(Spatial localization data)
----------------------------------------

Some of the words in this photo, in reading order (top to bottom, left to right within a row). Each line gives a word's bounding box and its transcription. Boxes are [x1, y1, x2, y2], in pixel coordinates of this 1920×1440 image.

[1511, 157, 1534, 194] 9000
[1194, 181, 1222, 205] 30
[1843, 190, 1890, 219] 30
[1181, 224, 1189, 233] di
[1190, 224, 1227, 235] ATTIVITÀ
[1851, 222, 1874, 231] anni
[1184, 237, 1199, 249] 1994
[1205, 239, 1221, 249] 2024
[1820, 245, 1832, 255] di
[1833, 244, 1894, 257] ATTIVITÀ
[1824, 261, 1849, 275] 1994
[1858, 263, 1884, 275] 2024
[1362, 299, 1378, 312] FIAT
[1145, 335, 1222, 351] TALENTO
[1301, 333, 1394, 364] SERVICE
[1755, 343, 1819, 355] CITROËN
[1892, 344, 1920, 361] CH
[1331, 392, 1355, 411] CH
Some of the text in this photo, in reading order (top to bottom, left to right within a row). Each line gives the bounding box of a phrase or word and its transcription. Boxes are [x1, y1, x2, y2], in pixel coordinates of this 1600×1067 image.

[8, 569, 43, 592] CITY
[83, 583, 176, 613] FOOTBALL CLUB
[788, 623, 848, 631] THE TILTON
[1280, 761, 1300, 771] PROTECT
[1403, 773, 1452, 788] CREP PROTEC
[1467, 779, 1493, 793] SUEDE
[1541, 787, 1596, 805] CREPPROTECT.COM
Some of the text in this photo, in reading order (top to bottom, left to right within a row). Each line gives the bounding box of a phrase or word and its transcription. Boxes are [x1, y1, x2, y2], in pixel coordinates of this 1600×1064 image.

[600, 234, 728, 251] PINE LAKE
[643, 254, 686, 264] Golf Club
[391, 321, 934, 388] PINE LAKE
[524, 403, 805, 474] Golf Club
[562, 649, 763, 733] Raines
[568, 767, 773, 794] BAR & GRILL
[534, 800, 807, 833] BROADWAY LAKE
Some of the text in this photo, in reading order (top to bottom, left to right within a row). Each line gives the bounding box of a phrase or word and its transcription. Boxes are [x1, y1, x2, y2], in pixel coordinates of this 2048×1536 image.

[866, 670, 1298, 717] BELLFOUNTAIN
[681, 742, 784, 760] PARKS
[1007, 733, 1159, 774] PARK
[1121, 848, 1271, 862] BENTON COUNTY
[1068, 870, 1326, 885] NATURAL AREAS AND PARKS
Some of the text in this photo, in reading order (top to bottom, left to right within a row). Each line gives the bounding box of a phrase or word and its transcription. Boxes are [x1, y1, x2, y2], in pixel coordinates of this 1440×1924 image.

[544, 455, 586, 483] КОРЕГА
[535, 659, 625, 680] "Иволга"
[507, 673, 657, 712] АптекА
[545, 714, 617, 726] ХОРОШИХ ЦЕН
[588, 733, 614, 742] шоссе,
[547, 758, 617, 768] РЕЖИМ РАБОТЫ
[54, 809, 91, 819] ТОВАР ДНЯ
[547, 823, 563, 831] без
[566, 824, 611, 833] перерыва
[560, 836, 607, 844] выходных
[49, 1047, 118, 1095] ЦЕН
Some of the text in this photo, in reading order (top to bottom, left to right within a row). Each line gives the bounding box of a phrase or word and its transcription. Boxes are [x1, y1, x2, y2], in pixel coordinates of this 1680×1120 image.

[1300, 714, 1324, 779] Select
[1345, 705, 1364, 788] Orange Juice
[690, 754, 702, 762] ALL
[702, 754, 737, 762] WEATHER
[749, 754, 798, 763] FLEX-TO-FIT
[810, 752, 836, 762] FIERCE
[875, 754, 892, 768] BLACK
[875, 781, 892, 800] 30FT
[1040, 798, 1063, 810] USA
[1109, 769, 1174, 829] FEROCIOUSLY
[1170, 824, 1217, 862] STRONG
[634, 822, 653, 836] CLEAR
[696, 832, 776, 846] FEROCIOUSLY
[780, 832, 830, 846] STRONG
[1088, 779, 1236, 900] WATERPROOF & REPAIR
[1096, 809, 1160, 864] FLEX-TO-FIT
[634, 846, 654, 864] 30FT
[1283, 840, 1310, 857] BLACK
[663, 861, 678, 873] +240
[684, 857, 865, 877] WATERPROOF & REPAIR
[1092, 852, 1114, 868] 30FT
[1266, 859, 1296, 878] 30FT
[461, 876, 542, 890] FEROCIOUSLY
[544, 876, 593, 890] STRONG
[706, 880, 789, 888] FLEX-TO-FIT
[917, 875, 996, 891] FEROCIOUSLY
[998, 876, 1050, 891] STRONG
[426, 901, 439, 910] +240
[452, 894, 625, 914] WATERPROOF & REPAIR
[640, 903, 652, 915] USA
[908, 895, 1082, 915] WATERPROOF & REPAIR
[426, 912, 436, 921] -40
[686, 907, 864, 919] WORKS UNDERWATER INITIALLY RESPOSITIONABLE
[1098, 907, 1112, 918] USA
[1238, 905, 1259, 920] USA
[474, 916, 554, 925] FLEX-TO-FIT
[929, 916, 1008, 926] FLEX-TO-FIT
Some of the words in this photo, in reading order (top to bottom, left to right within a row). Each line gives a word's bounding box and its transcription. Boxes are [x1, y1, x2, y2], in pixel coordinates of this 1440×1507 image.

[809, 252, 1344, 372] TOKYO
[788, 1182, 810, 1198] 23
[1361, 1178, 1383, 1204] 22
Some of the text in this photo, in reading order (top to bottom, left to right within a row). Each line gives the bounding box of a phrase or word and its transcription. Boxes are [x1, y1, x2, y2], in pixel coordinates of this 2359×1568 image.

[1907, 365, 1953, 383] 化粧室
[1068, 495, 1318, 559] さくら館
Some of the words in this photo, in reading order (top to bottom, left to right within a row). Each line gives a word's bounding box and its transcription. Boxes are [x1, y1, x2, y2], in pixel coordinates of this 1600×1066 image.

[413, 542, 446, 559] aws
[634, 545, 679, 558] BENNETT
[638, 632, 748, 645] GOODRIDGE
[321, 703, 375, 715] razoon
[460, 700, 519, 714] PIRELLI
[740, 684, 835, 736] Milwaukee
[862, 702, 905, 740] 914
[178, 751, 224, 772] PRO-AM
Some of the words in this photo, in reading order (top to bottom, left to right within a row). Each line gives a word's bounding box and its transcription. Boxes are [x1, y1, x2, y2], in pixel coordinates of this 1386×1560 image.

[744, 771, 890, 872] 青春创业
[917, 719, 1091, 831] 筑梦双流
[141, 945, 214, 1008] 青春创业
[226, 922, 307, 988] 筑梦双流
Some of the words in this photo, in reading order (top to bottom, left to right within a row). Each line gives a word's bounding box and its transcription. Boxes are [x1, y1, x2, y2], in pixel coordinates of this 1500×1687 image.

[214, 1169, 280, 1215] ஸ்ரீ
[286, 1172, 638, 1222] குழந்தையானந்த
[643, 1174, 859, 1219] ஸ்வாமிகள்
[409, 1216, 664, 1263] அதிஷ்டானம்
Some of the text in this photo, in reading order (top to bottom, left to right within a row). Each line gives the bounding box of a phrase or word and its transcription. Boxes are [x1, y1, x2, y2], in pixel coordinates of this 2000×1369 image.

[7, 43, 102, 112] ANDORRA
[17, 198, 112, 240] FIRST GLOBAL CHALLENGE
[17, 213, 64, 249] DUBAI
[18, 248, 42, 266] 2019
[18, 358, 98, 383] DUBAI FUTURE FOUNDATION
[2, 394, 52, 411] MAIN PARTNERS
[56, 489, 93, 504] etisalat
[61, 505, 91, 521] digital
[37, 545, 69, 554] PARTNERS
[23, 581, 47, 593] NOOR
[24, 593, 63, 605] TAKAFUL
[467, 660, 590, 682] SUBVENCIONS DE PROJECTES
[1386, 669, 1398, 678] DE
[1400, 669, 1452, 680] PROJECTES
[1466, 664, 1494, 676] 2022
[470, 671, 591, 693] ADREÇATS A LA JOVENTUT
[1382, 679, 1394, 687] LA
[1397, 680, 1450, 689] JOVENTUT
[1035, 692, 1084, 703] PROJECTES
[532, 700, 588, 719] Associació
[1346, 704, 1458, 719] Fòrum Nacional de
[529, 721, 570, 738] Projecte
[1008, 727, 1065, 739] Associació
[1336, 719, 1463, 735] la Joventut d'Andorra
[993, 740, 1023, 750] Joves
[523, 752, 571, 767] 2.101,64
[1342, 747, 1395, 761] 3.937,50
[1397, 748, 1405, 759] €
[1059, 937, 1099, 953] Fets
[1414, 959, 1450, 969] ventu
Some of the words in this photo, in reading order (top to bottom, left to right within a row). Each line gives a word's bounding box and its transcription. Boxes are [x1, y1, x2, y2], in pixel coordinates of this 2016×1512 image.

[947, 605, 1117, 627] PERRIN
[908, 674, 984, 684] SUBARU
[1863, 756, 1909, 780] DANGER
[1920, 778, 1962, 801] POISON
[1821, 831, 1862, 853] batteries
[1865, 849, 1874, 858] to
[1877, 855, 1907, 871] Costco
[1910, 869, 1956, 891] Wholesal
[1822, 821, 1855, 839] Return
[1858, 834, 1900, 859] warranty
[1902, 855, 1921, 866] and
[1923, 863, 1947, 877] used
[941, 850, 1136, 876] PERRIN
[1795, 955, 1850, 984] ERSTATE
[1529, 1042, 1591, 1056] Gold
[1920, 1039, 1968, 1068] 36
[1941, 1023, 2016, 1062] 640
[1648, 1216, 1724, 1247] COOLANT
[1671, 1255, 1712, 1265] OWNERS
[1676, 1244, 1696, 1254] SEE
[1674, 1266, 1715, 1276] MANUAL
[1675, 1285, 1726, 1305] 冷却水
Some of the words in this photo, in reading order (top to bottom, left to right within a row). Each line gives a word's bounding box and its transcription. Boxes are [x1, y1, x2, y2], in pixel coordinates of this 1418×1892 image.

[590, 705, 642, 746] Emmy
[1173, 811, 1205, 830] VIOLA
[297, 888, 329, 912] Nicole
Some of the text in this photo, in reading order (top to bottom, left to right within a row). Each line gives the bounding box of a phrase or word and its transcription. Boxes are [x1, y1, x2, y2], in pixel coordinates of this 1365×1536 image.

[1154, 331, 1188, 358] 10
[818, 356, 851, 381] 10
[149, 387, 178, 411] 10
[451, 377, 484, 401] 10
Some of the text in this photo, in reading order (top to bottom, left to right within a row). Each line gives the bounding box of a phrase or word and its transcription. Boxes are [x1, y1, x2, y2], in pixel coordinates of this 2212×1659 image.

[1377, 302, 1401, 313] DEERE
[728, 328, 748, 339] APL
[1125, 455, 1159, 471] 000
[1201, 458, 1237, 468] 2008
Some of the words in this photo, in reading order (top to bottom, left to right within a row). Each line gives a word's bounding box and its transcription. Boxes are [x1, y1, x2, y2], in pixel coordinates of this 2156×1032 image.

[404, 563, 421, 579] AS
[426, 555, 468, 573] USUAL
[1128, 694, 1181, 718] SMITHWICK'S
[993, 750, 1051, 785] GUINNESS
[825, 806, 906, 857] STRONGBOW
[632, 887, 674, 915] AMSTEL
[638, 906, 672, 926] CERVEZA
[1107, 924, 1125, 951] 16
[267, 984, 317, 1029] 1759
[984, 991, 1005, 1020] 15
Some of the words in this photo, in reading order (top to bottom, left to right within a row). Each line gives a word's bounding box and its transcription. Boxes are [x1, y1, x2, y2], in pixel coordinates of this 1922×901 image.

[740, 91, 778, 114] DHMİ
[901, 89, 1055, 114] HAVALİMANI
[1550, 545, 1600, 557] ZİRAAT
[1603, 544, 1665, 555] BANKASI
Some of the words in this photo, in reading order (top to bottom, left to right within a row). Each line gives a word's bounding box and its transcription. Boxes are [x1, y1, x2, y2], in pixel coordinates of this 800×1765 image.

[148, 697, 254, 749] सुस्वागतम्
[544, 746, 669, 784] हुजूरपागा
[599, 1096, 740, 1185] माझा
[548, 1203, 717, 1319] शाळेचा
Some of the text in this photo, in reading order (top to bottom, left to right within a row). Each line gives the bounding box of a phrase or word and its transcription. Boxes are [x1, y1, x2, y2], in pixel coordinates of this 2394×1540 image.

----------------------------------------

> [About this task]: Output the line containing "this 800×1765 image." and every line after it through the final line of the records above, exactly as written and nothing else.

> [Solution for this problem]:
Some of the words in this photo, in reading order (top to bottom, left to right within a row). Each line gives a word's bounding box and its transcription. Boxes are [x1, y1, x2, y2], in pixel coordinates of this 800×1765 image.

[148, 697, 254, 749] सुस्वागतम्
[544, 746, 669, 784] हुजूरपागा
[599, 1096, 740, 1185] माझा
[548, 1203, 717, 1319] शाळेचा
Some of the text in this photo, in reading order (top to bottom, left to right within a row). Each line gives the bounding box of a phrase or word and its transcription. Boxes are [x1, y1, x2, y2], in pixel coordinates of this 2394×1540 image.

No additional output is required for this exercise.